Dôme Bourgeonnant du VIH
Virus

Dôme Bourgeonnant du VIH

Depuis l'intérieur de ce bourgeon naissant, le regard remonte vers une voûte de protéines Gag qui s'incurve en dôme au-dessus de vous — un réseau hexamérique d'ambre doré, chaque anneau d'à peine huit nanomètres, tressé avec la régularité organique d'un nid d'abeilles taillé dans de la corne vivante, la courbure s'accentuant vers la périphérie là où les hexamères se distordent en pentamères pour refermer la géométrie. Au-delà de cette charpente, la membrane plasmique brille comme un ciel de cuivre brûlé, ses deux feuillets à peine discernables en une paire de voiles ambres, ponctués çà et là par les silhouettes sombres de premières spicules Env virales — champignons microscopiques rétroéclairés par l'incandescence même de la membrane. Au col du bourgeon, un anneau de filaments ESCRT-III s'enroule en spirale serrée, ruban de polymère cuivré qui resserre le cou de la vésicule comme un lacet chirurgical, orchestrant la scission finale qui détachera la particule virale de la cellule hôte.

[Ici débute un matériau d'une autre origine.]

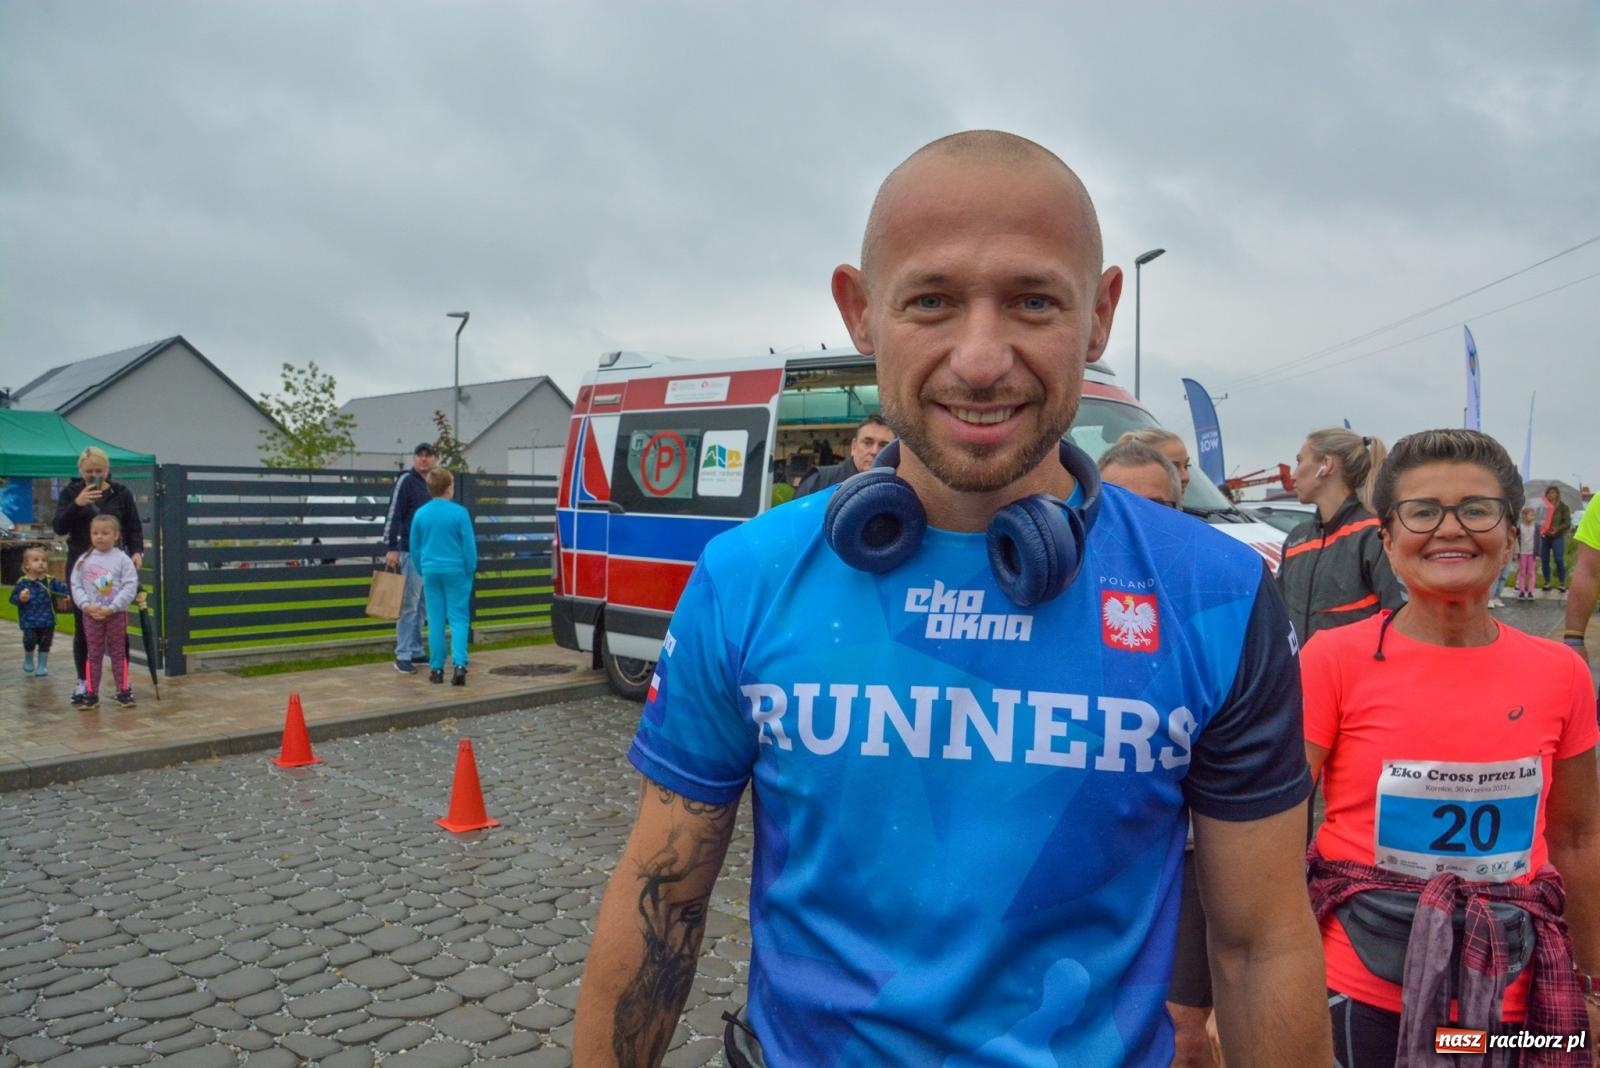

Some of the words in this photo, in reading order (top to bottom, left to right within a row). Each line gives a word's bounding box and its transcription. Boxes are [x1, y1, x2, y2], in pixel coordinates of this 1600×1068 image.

[1099, 576, 1155, 589] POLAND
[740, 682, 1198, 773] RUNNERS
[1390, 766, 1422, 779] Eko
[1427, 769, 1473, 782] Cross
[1478, 771, 1515, 785] przez
[1519, 766, 1536, 779] Las
[1429, 803, 1500, 852] 20
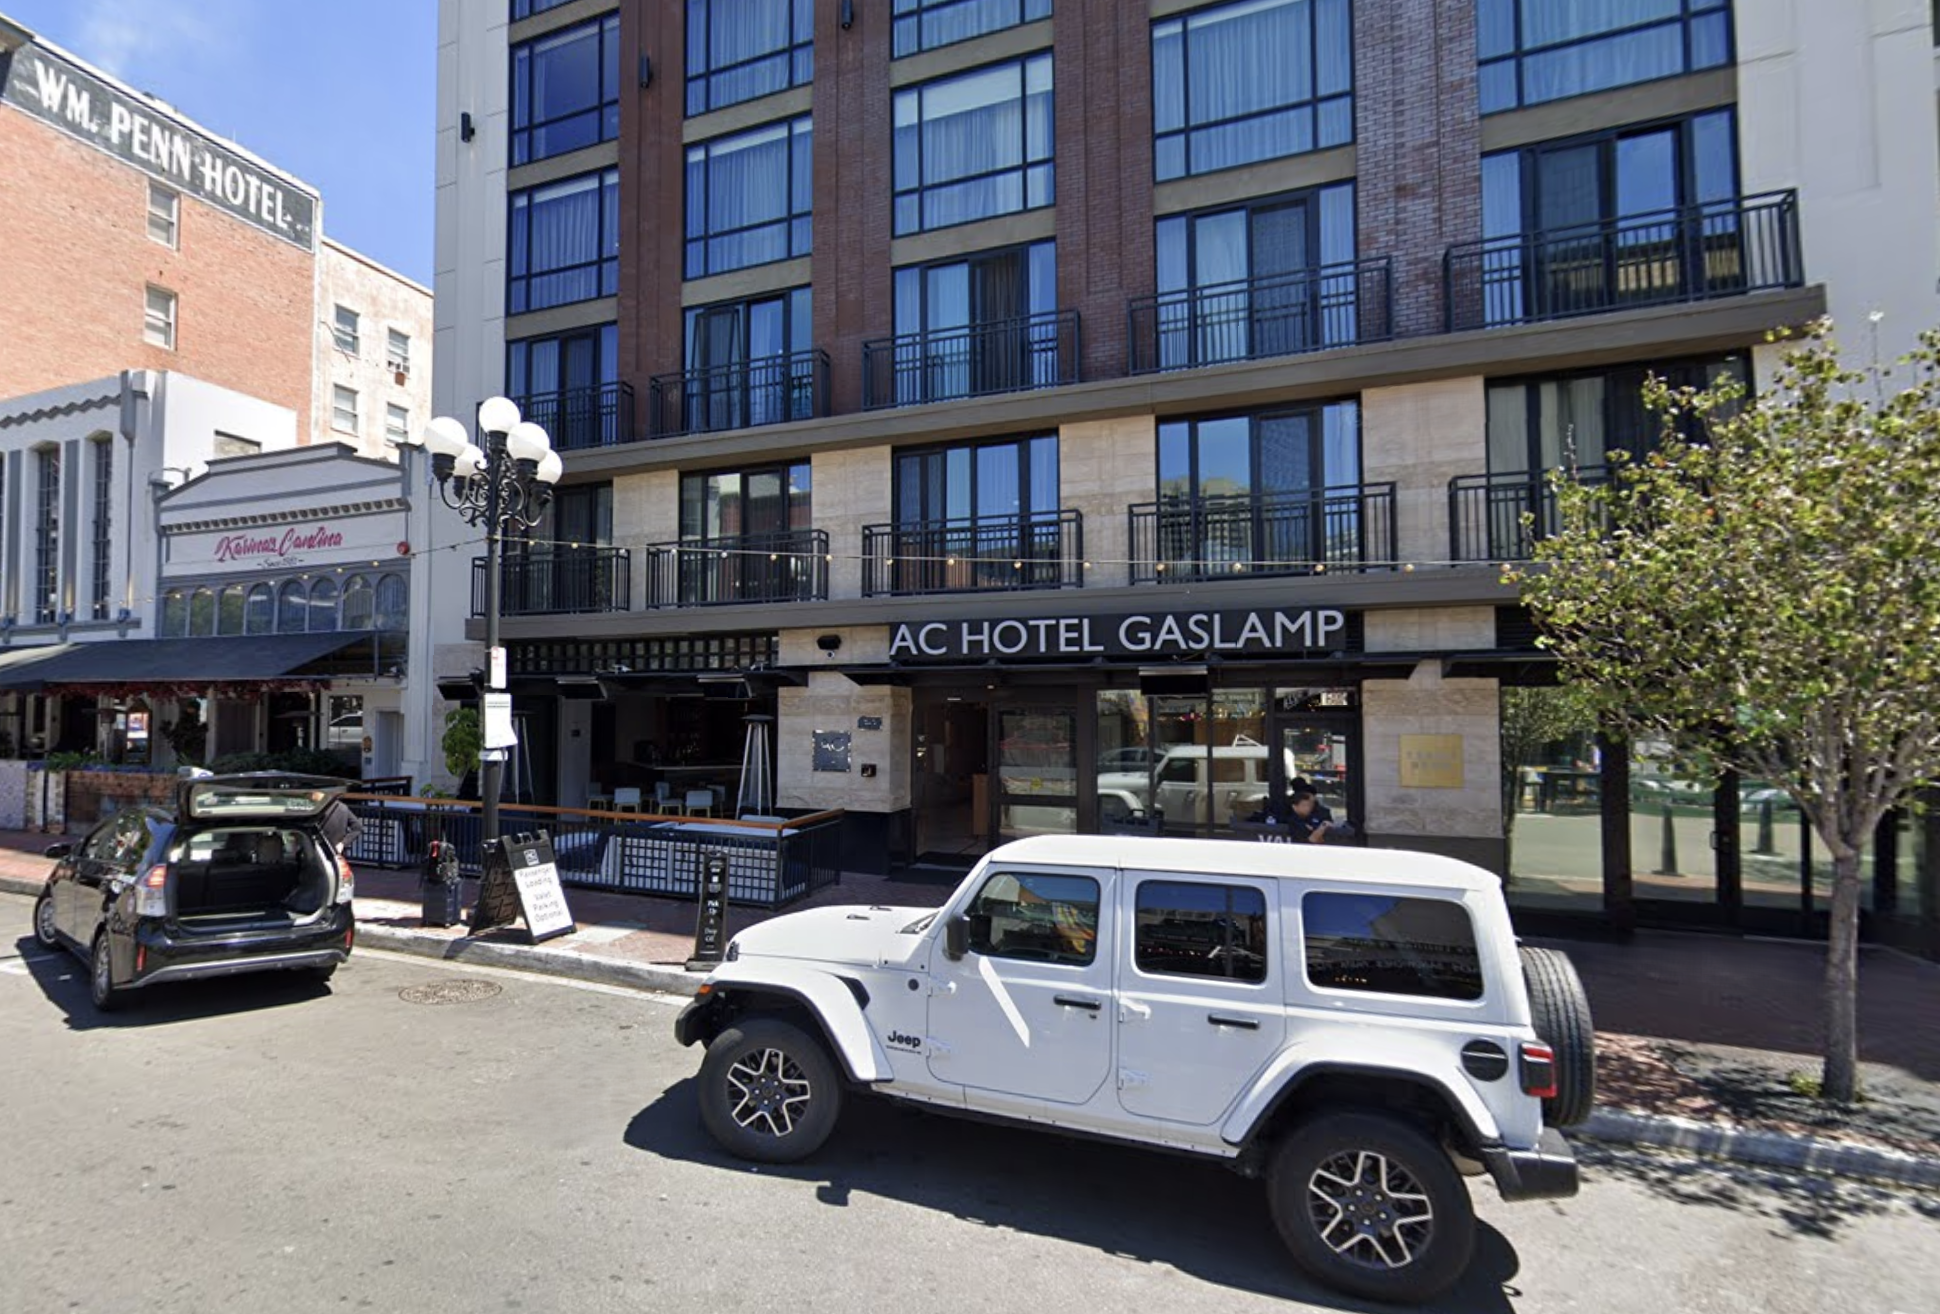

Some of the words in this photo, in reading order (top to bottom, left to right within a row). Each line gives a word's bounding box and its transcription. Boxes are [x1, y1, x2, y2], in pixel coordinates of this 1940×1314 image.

En dessous, le cytoplasme s'étend en jungle moléculaire impénétrable, peuplée de ribosomes sphériques gris-violet et de filaments d'ARN qui dérivent dans une agitation thermique incessante, chaque objet soumis aux chocs browniens de l'eau environnante — une violence invisible mais absolument souveraine à cette échelle où les forces électrostatiques et l'entropie dictent chaque rencontre.